## Goal of the exercise
Exact copy, no pictures: return all the data below as written.

++++ Working data

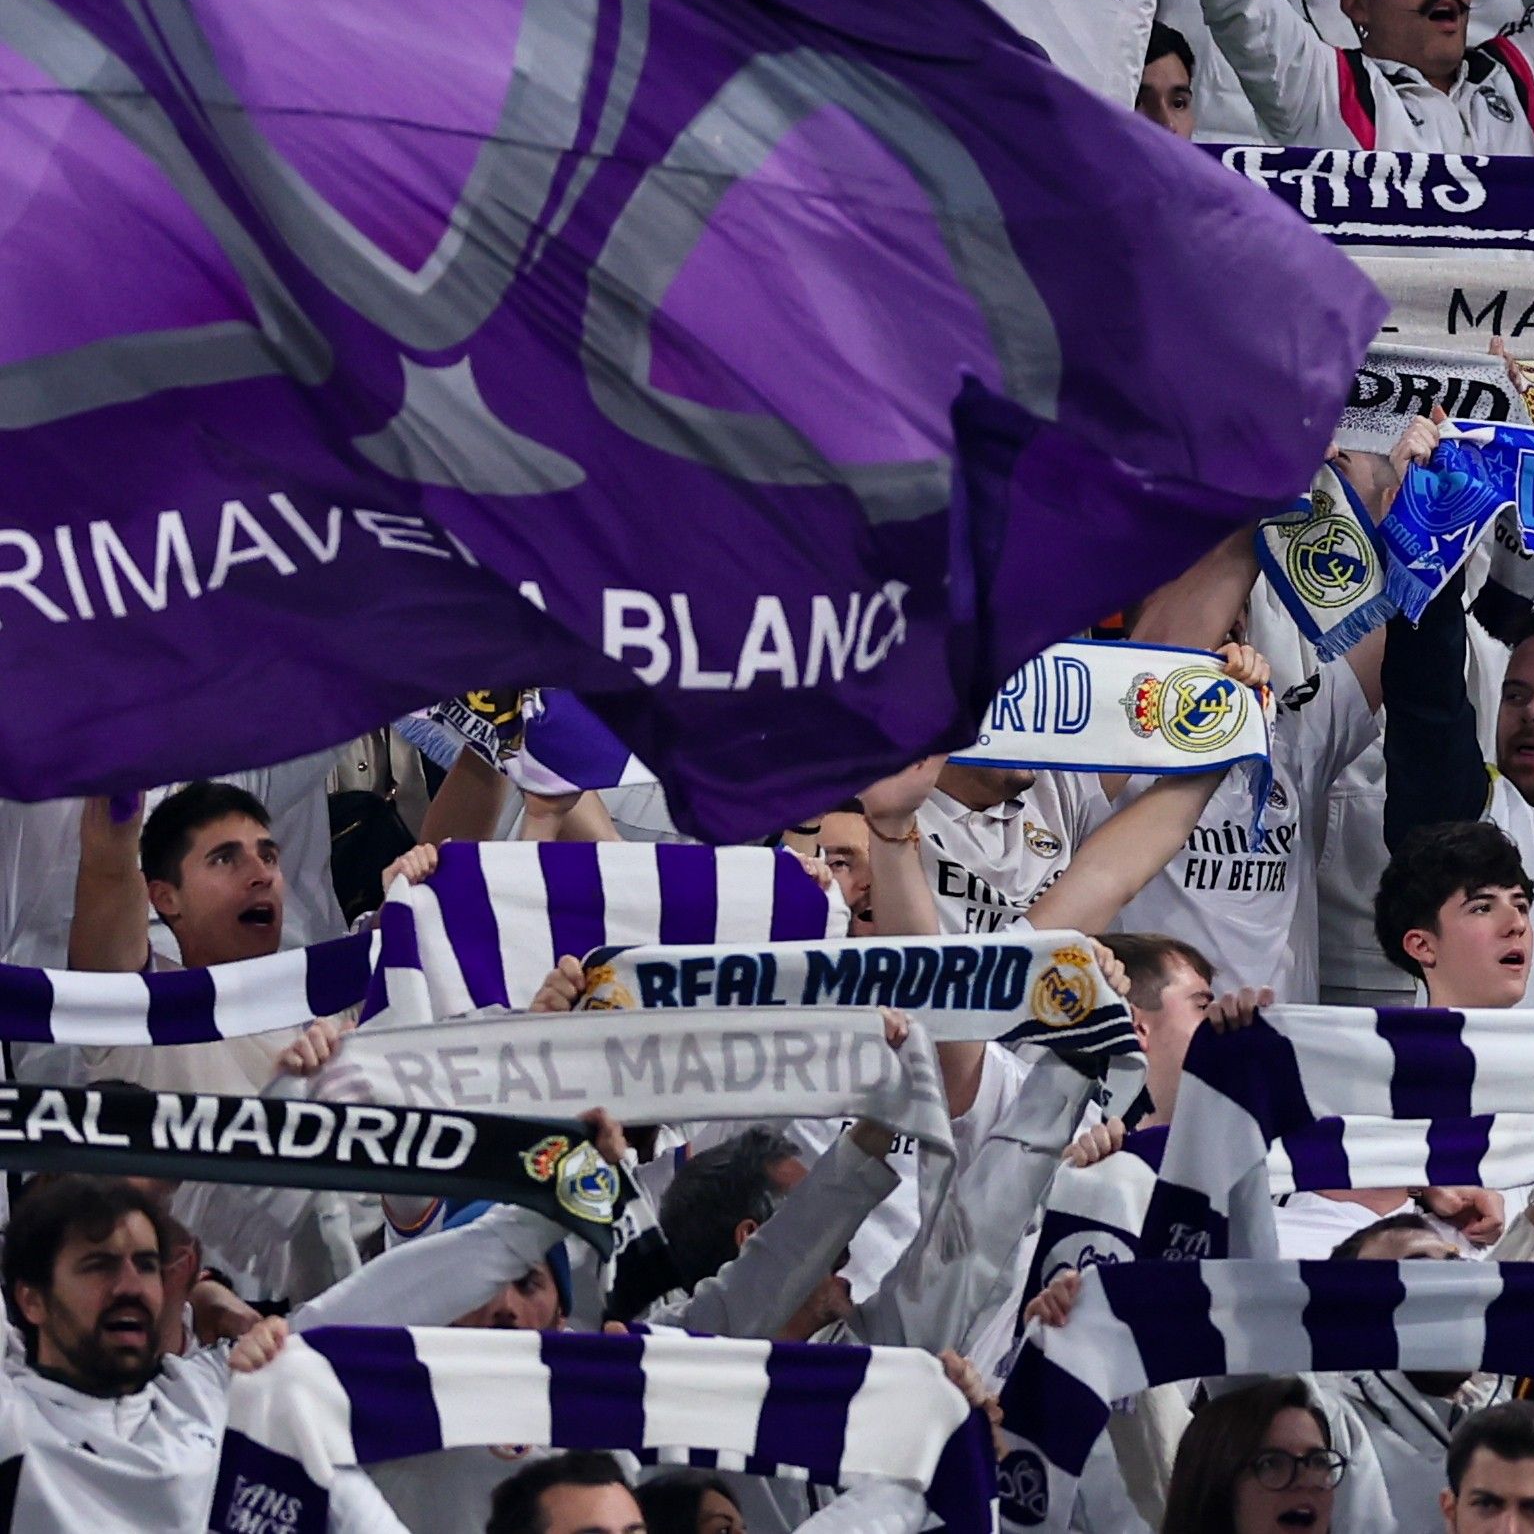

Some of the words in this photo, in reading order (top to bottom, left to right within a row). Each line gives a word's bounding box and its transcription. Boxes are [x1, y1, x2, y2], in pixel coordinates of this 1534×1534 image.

[1220, 144, 1491, 217] FANS
[1183, 859, 1219, 890] FLY
[1228, 860, 1288, 891] BETTER
[636, 958, 792, 1012] REAL
[801, 946, 1034, 1011] MADRID
[384, 1042, 588, 1108] REAL
[152, 1094, 479, 1171] MADRID
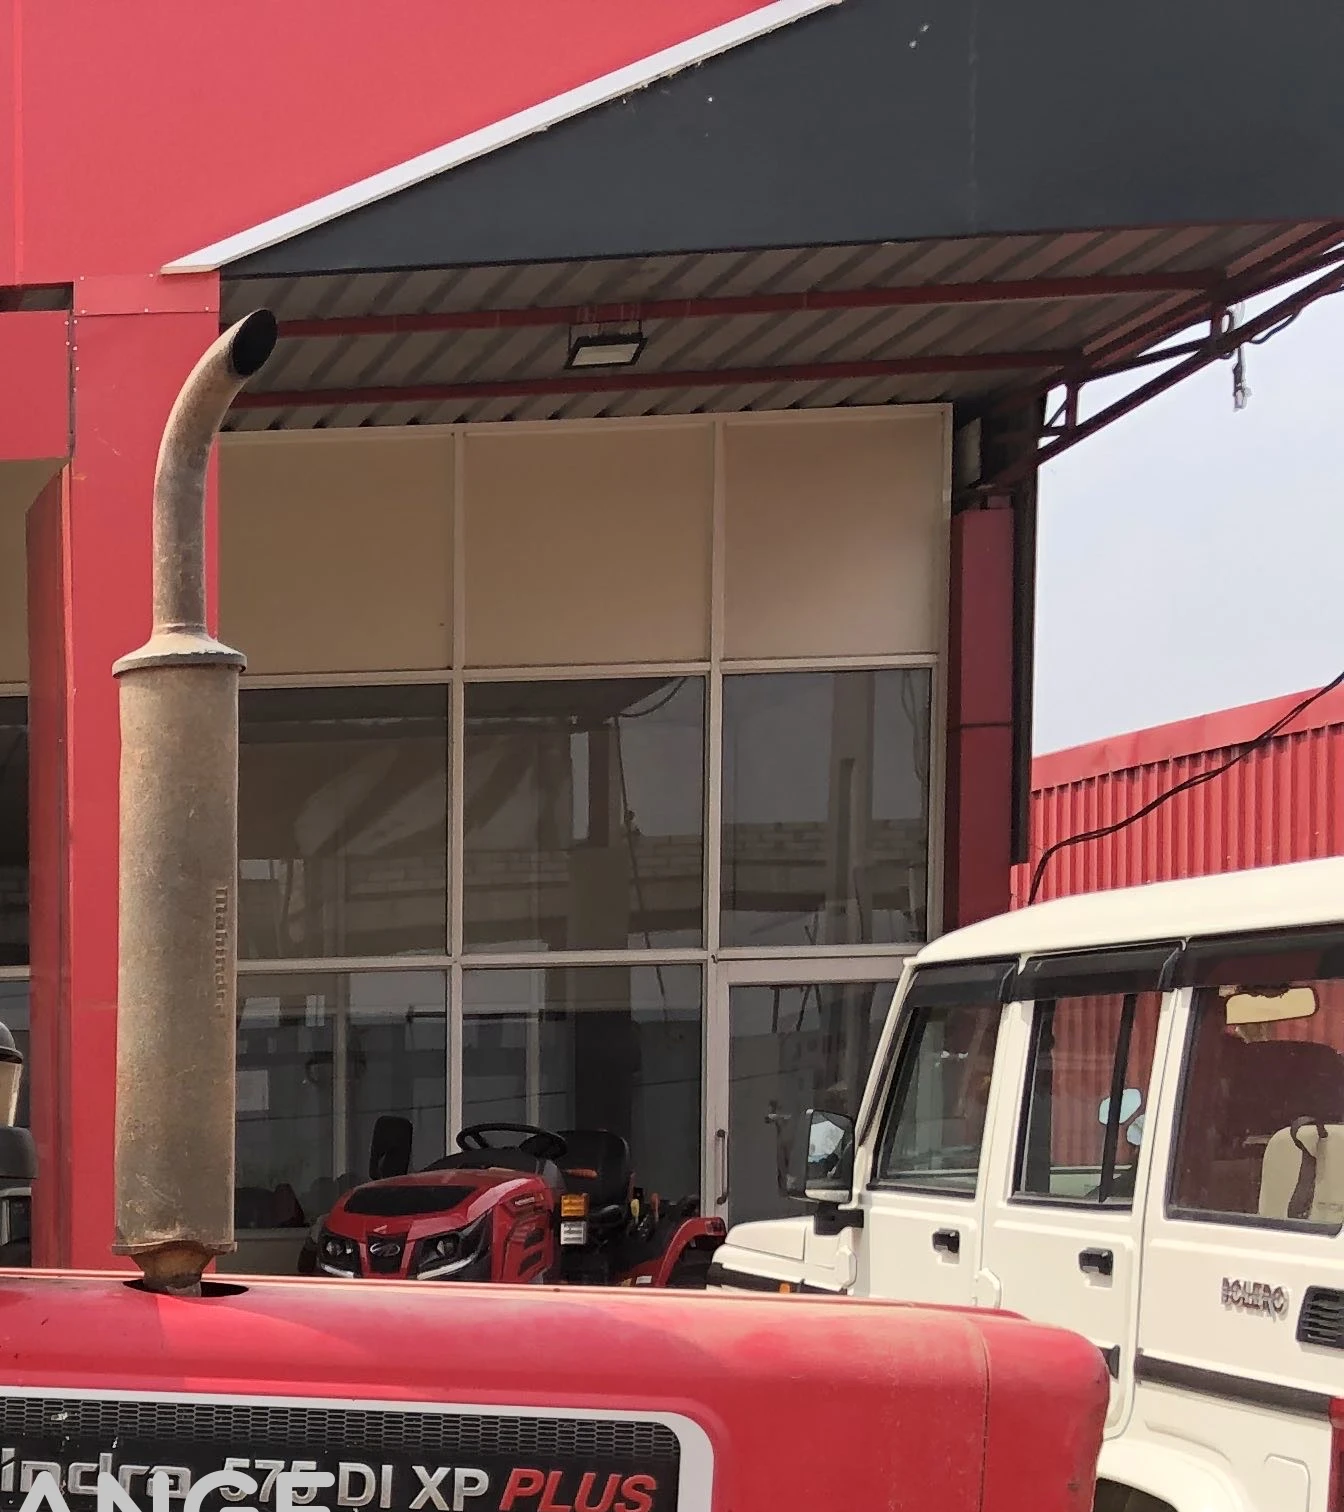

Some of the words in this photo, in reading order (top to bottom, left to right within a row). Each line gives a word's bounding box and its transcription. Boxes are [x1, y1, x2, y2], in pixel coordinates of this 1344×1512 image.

[1221, 1277, 1289, 1321] BOLERO
[337, 1463, 394, 1509] DI
[409, 1465, 490, 1512] XP
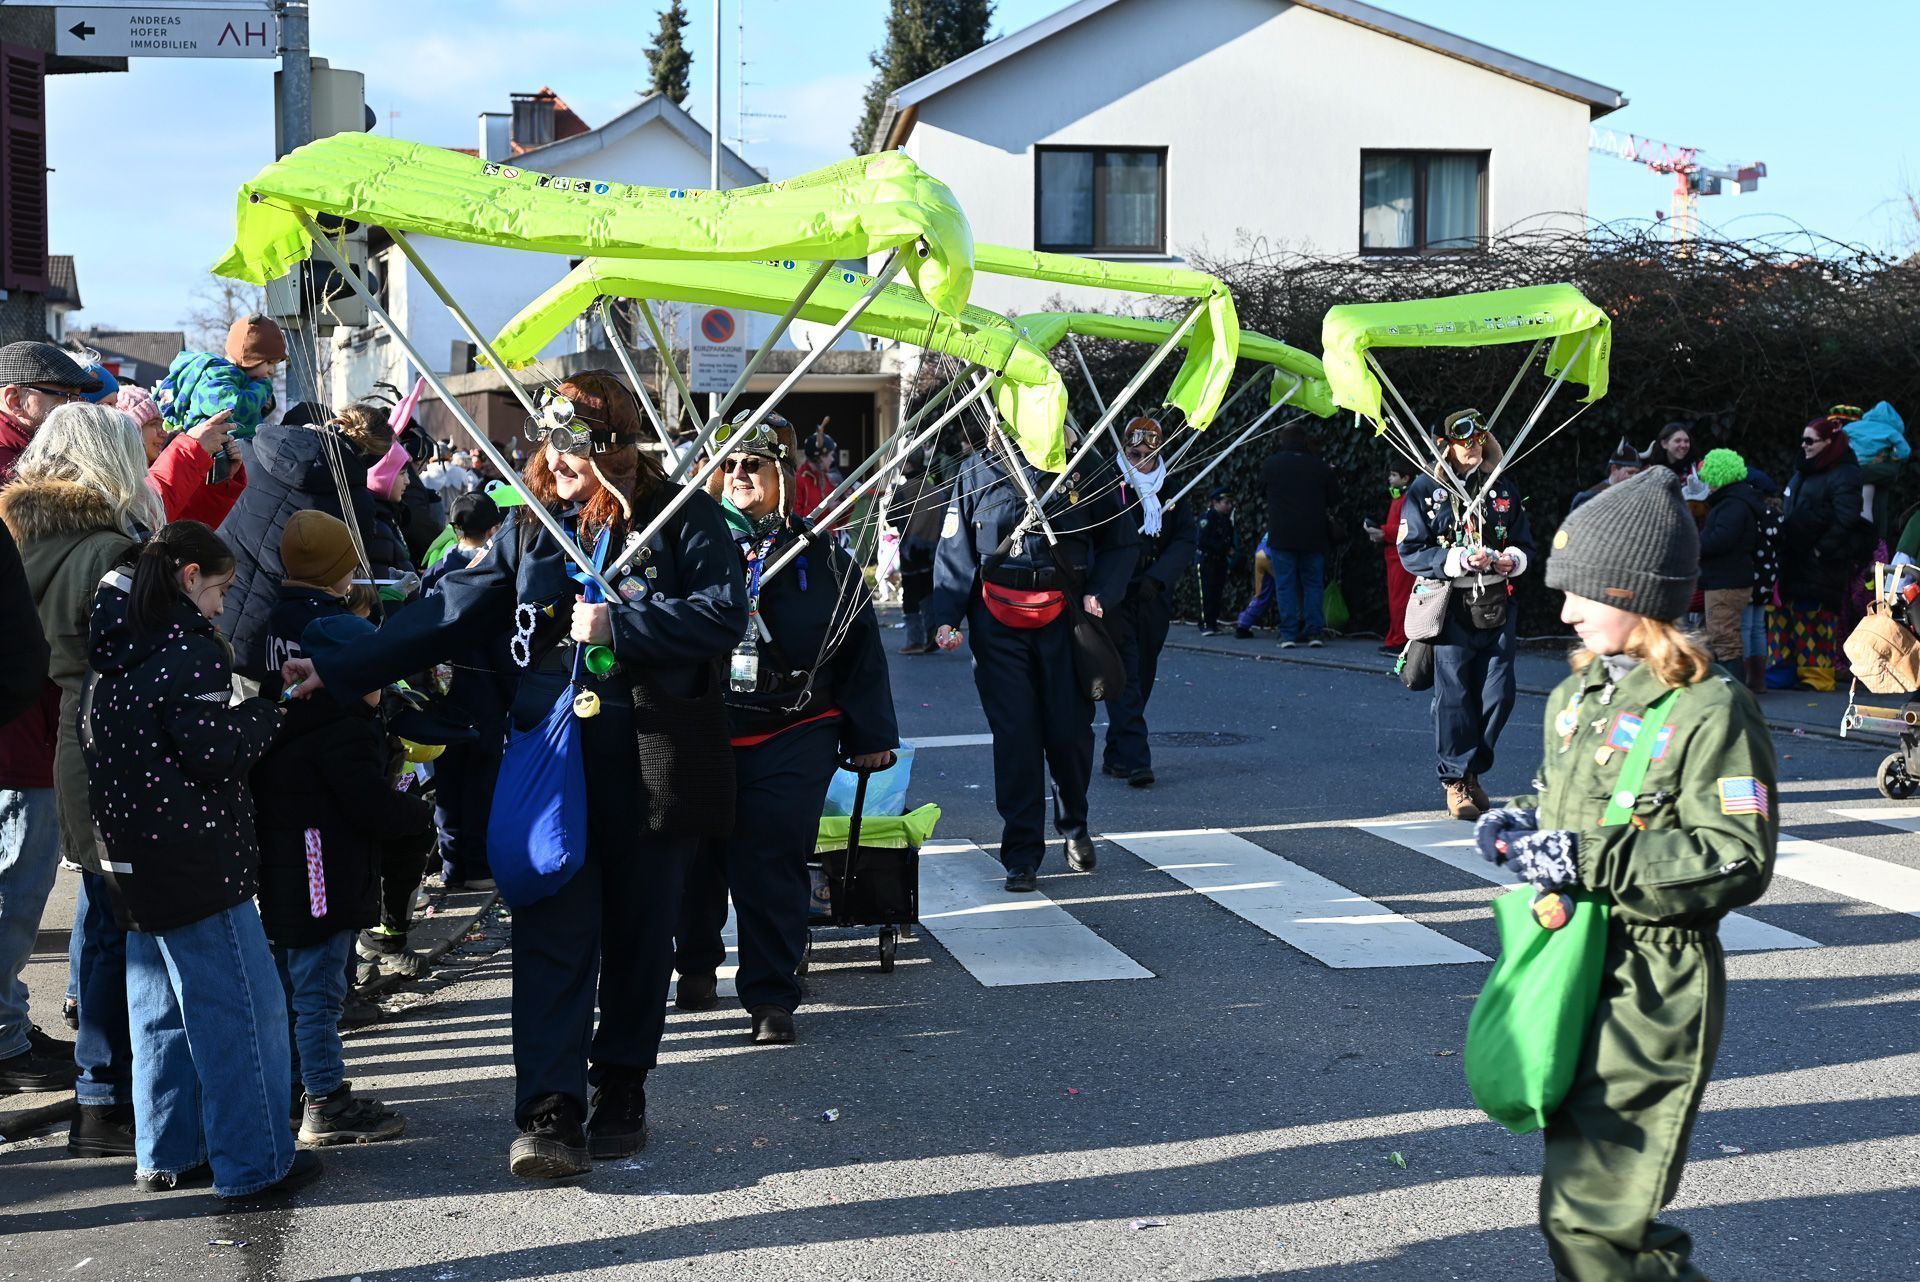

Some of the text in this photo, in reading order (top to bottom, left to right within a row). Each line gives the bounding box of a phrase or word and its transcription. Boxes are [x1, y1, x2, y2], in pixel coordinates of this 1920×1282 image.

++++++++

## Solution for this problem
Some of the words in this photo, in reading order (top to bottom, left to right within a row). Each line gives a word's bounding box and its transcription. Boxes are [x1, y1, x2, y2], in pixel coordinates of this 1534×1534 image.

[1220, 144, 1491, 217] FANS
[1183, 859, 1219, 890] FLY
[1228, 860, 1288, 891] BETTER
[636, 958, 792, 1012] REAL
[801, 946, 1034, 1011] MADRID
[384, 1042, 588, 1108] REAL
[152, 1094, 479, 1171] MADRID

Some of the words in this photo, in reading order (top to bottom, left to right within a row). Each line gives a word's bounding box and its transcription. Boxes are [x1, y1, x2, y2], in pixel coordinates of this 1344×1512 image.

[1221, 1277, 1289, 1321] BOLERO
[337, 1463, 394, 1509] DI
[409, 1465, 490, 1512] XP

Some of the text in this photo, in reading order (top to bottom, left to right within a row). Each line gives the bounding box of a phrase or word and its transcription. Boxes are [x1, y1, x2, y2], in pixel coordinates of this 1920×1282 image.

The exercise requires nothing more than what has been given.